Además de la música, su otra gran inquietud artística es el teatro. Estudió diseño teatral en la Escuela de Teatro de la Universidad de Chile y estuvo muy metido en el ambiente, sobre todo desde lo escenográfico y el vestuario. También en dirección de arte en cine. “Cuando arranqué con el cine empezó a funcionar lo de la música. Fue un año más o menos en el que me di cuenta que era incompatible poder hacer ambas cosas. Tuve que elegir y me decidí por la música. Fue un momento bastante desafiante. Estaba en la compañía Teatro de Chile, habíamos logrado ganar un fondo y decidí dar un paso al lado para dedicarme a la música. Hubo un par de pataleos de algunos compañeros, pero luego lo entendieron”, comenta. Y agrega: “Justo después de ello me puse de cabeza a componer San Sebastián, el disco que de alguna forma me pone en el radar de la escena independiente”.

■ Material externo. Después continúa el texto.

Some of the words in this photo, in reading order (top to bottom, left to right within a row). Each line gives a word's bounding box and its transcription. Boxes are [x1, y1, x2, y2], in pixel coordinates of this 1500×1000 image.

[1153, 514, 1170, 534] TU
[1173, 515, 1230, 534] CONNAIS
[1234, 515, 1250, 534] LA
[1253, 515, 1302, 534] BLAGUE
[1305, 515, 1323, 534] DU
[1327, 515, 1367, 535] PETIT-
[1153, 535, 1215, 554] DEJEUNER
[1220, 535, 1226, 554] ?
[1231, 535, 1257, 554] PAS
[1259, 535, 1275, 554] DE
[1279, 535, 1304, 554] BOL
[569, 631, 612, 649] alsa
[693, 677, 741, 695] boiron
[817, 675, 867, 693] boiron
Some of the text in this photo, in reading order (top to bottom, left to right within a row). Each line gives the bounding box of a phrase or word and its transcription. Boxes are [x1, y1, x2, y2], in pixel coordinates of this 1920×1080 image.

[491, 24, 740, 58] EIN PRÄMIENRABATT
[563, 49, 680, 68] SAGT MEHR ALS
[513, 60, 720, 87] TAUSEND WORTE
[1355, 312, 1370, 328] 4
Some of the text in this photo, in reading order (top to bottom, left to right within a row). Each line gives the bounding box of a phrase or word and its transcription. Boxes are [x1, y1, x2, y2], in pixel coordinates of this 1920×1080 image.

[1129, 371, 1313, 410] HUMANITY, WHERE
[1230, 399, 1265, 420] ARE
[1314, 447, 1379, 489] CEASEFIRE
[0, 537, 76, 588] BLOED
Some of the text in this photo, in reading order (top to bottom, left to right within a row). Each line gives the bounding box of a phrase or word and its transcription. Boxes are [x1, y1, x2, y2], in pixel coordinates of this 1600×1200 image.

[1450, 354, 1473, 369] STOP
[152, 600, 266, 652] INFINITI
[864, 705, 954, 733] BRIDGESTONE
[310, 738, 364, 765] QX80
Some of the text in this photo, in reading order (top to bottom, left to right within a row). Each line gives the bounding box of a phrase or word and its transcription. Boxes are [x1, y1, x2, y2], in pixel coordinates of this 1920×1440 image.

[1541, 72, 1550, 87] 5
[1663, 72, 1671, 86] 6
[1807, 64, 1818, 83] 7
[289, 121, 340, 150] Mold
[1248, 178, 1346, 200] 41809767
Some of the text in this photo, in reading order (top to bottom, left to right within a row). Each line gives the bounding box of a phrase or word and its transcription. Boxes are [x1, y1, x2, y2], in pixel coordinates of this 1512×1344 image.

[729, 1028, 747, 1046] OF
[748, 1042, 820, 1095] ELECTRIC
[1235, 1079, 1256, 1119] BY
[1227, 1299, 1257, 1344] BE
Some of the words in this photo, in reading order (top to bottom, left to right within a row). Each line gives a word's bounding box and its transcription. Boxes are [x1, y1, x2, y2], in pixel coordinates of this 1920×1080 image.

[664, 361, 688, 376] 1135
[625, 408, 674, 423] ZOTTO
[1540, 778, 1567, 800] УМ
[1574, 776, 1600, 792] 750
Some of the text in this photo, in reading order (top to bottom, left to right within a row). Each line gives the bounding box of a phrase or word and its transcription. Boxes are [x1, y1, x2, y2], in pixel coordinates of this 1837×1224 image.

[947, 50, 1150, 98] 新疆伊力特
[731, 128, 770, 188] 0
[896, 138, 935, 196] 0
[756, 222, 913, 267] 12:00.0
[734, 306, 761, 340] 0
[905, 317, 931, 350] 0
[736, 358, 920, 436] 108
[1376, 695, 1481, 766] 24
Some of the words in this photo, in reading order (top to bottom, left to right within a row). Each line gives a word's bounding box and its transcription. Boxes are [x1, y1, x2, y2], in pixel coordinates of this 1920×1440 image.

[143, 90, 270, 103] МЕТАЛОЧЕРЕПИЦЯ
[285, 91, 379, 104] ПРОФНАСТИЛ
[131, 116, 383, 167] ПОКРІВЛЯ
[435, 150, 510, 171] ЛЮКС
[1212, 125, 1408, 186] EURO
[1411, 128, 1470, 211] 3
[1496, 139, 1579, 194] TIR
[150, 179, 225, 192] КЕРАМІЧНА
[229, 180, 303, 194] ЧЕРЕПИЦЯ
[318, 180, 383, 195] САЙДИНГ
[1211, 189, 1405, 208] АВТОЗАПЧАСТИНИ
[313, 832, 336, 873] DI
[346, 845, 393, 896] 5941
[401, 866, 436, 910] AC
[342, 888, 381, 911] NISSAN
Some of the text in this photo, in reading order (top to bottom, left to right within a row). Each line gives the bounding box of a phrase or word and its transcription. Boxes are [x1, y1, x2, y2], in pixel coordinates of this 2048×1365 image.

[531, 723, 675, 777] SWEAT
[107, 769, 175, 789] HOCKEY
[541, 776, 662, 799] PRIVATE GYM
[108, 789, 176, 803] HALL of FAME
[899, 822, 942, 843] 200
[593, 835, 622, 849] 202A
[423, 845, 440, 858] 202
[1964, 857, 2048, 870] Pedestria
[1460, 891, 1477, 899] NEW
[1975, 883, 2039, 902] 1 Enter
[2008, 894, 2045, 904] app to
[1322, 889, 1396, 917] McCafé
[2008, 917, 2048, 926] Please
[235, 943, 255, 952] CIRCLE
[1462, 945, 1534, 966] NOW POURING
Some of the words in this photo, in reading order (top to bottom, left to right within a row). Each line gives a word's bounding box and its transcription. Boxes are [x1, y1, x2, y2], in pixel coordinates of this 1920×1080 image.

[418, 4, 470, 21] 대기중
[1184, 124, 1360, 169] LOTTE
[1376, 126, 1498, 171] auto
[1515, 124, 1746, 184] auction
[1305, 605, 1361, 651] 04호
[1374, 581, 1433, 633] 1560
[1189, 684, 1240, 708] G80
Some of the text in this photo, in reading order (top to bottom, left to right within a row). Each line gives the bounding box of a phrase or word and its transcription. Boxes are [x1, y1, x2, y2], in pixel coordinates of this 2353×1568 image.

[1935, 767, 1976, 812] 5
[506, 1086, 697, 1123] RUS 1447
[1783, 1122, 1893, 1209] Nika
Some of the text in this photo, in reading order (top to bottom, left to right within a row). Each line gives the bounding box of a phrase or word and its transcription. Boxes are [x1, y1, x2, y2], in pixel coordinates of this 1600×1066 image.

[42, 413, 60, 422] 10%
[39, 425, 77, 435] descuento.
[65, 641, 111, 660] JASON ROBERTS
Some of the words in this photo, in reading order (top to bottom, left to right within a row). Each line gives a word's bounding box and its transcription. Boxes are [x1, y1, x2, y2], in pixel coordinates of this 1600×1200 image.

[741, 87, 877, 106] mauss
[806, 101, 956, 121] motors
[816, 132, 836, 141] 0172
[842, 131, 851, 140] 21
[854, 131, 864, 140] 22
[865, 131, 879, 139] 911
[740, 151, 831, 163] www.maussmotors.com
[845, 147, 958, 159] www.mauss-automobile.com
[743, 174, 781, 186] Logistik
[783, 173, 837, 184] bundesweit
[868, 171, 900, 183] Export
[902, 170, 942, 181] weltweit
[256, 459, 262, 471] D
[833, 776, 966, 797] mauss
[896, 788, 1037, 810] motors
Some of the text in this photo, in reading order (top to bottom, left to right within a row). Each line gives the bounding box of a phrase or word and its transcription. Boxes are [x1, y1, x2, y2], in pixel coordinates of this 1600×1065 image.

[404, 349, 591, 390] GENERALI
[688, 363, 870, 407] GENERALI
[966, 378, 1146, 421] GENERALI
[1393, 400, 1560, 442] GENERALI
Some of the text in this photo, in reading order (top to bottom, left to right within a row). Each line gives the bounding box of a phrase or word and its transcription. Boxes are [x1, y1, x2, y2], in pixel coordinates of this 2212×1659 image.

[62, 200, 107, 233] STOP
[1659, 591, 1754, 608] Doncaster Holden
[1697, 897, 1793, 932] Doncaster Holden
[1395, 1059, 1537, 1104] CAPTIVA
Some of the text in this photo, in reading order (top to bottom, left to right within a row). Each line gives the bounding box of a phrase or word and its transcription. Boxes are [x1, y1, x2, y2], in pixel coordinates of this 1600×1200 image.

Así es. Aquel gran disco de 2011 lo puso en el calderero. Mejor dicho, el que hizo que muchos volvieran la vista y la escucha sobre él. Un tercer disco definitivo en su derrotero que él mismo toma como punto de partida. Tenía treinta años: su madurez se hizo canción. “¡Empecé viejo en la música! No me da vergüenza escuchar esos primeros discos. Ese trabajo fue definitorio. Analizo mi guitarreada y fue ahí cuando partió todo. Los anteriores tenían también algo de juego. No estaba convencido de dedicarme a eso. Ese fue como un puntapié”. En San Sebastián –que tuvo a Gepe como baterista en gran parte de las canciones– anida el centro de su música: una intención y una rítmica folclórica que ahonda en la música de raíz de su país, la canción y cierto costado pop; un decir cansino que cabalga su voz levemente cascada. “Abuelo”, “Piedra angular”, “Angelito”, “Nahual” y “Carnaval” (estas dos últimas junto a Christina Rosenvinge) dan cuenta de ello. En sus canciones se halla eso mismo que recorre casi toda la música folclórica chilena y es distintivo de ella: un aire triste. Cierta pesadumbre. Su obra no es festiva ni mucho menos liviana. Es, por decirlo, melancólica. Más que una herencia dada, un legado buscado y encontrado. Porque dice: “La verdad, soy bastante huérfano de ese tipo de referencia cuando niño, pero siempre fui bien melómano, siempre tuve mucho acceso a escuchar música de todo tipo. Viene por ahí, no por algún familiar que estuviera ligado a ello. Soy hijo de una familia de clase media que no estaba ligada al arte”. Le siguieron los discos Nuevo sol (2014), Milagros (2017) y Serpiente (2019): su tríada más pop.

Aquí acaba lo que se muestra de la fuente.